The duke is less optimistic in his assessment of the city. I climb the stairs to see Gioacchino one evening around midnight. Whiskey in hand, he shows me the art gallery and library, the penciled Picasso sketch of his mother (“one of the most beautiful women in Palermo”), and, of course, the original manuscript of The Leopard, now kept in a glass case with its own lighting system. I tell the duke I’m rereading the novel, inspired by my stay in one of the downstairs apartments. He smiles broadly. “It is a magnificent work, isn’t it?” He says it with the emotion of someone who keeps it on his nightstand. “Remember, it’s not a historical novel, it’s a psychological one.”
The conversation turns toward the city buzzing down below. “The man has lost his wit,” he says about the mayor and his more grandiose visions of a new Palermo. “We are in a moment of great change. Italians don’t want to be peasants anymore. Tourism one day will be the great business of Palermo, but not now. Not yet. The old city is still abandoned.”

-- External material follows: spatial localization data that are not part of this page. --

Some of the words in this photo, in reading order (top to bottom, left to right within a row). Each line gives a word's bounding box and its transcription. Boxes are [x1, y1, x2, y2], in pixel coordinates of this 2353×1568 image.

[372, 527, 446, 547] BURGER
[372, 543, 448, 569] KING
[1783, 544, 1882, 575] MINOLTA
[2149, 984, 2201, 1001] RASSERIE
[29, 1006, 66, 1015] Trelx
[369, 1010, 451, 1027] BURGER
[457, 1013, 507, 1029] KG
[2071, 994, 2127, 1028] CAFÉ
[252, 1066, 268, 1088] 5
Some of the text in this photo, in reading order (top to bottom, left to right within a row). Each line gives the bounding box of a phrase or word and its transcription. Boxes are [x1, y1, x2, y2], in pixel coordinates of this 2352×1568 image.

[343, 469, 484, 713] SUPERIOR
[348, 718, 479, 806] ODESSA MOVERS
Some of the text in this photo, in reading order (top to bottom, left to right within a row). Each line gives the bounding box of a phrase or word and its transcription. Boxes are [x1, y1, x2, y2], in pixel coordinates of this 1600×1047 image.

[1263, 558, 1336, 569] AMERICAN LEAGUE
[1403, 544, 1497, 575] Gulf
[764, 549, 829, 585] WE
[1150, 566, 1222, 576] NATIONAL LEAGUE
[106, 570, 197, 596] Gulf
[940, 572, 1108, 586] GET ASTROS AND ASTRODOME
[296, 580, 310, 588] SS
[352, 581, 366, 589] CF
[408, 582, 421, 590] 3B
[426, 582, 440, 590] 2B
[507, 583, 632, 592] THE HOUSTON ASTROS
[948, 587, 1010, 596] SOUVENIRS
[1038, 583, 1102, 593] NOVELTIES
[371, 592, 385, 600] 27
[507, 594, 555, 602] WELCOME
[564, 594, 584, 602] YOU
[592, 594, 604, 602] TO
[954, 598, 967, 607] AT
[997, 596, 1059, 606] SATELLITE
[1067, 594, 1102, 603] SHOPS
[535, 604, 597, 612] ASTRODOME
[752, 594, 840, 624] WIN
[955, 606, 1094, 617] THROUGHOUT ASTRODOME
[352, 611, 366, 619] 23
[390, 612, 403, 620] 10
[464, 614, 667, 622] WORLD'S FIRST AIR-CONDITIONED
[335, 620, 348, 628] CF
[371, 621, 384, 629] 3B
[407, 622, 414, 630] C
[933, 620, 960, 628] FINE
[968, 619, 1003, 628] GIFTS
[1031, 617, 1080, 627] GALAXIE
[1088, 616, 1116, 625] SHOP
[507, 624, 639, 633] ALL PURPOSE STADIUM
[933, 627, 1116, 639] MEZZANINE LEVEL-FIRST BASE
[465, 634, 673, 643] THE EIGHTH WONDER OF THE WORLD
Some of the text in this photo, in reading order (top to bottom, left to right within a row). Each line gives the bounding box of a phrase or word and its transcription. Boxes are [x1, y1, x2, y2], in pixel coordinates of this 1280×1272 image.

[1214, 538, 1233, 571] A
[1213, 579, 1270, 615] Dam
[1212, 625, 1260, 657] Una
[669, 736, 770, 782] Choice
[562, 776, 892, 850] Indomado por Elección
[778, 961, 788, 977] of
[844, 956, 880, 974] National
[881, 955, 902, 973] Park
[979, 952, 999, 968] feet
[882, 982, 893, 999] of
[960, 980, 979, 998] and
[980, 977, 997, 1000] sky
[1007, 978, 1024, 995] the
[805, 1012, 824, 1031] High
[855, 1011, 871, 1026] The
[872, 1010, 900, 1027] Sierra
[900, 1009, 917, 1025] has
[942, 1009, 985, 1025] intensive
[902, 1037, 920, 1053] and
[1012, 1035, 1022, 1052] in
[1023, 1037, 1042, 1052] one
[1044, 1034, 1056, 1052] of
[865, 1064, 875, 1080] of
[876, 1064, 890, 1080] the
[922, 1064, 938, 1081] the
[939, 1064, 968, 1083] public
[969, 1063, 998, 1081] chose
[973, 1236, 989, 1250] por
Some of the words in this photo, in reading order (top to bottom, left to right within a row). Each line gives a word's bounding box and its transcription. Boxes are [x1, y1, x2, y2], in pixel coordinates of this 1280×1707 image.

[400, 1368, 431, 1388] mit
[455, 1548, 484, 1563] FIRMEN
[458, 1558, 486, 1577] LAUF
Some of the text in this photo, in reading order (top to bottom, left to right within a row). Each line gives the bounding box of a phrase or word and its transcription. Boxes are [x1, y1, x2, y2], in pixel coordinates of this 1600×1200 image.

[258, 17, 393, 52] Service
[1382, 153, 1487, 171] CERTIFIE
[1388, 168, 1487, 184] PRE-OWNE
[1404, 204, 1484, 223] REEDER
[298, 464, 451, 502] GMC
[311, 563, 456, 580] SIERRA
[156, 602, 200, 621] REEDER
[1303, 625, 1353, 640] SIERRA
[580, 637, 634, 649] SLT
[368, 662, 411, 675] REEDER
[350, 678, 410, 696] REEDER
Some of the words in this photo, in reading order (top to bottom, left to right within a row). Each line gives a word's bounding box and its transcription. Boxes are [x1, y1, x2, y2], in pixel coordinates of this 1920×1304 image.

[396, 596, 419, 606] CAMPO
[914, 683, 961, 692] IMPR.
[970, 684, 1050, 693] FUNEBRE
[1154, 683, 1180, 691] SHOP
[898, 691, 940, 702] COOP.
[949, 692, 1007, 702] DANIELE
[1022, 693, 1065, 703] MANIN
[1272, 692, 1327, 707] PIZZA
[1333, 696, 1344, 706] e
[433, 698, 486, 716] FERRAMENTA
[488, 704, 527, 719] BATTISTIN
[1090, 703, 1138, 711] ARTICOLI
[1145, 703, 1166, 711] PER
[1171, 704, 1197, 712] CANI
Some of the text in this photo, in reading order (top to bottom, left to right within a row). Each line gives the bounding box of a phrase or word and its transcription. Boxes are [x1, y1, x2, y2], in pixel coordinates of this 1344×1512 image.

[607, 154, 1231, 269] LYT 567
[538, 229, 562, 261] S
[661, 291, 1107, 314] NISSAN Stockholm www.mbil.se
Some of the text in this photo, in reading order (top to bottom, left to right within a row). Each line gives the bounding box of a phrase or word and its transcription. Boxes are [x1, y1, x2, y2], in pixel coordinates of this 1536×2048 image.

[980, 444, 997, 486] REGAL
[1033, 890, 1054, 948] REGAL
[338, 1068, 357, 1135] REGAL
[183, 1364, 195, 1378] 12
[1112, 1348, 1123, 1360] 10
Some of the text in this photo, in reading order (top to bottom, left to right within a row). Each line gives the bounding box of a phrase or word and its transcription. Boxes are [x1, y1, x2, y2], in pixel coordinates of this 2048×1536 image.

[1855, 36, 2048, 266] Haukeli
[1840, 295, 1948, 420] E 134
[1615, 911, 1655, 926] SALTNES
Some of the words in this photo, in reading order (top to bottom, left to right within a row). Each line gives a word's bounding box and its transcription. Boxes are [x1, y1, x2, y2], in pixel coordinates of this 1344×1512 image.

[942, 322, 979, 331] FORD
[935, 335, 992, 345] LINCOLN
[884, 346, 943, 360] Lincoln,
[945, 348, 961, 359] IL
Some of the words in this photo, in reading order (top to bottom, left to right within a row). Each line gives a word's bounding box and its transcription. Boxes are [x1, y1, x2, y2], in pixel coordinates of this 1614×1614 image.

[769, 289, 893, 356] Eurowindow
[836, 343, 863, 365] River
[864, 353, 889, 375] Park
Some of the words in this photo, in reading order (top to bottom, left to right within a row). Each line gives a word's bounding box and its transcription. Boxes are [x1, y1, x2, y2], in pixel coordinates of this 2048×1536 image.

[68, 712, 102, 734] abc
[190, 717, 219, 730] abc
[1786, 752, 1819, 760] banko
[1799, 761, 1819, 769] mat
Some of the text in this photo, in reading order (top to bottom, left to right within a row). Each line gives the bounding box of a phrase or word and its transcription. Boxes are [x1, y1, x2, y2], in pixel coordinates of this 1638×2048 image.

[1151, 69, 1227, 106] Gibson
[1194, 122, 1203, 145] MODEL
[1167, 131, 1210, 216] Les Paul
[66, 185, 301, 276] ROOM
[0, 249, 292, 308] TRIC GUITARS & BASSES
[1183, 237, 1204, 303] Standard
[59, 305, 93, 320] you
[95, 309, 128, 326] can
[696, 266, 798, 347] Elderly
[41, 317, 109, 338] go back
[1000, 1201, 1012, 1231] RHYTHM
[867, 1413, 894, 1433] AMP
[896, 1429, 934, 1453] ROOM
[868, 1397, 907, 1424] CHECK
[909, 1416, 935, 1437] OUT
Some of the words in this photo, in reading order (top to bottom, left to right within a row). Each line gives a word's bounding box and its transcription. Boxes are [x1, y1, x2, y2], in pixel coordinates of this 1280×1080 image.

The duke tells me that 250,000 people once lived in Palermo’s centro storico. Today, even with the recent uptick, that number is closer to 25,000, and most of those are immigrants. For the duke, much of the challenge starts with a lack of deep-pocketed citizens who could fuel a revival. “Many of the rich left. They went to Manhattan to buy real estate. That’s why we’re left without an upper class.”
We step out into the warm, sticky humidity of the Sicilian summer. The upstairs palace terrace overlooks the gardens below and, below them, the line of trattorie and gelato shops that runs adjacent to the port. And beyond them, the Mediterranean and the bobbing lights of fishing boats and merchant ships trafficking these waters. I imagine one of them to be an official vessel dispatched from Lampedusa, filled with the latest cast of anxious migrants blinking expectantly into the night as the lights of the city grow brighter.
Michael Magers
We stand there, covered in sweat, talking quietly under the din of passing traffic, as if sharing state secrets, uncertain when to call it a night.
“I hope he can get it together,” he says after a long silence, referring to Orlando. “There’s so much work to be done.”
Just what that work is depends on where you’re standing: on a blanket in Ballarò or above the palace gardens? That’s the thing about Palermo; its beauty bends to the eye of the beholder. What is it: a hobbled old man or a wise and elegant matron? a broken promise or a dream still in the making?
Or both?
Lampedusa saw this coming decades ago, immortalizing the central paradox of Palermo in The Leopard’s most famous line, spoken by the brave Tancredi, the character the duke himself inspired:
Se vogliamo che tutto rimanga come è, bisogna che tutto cambi.
If we want things to stay as they are, things will have to change.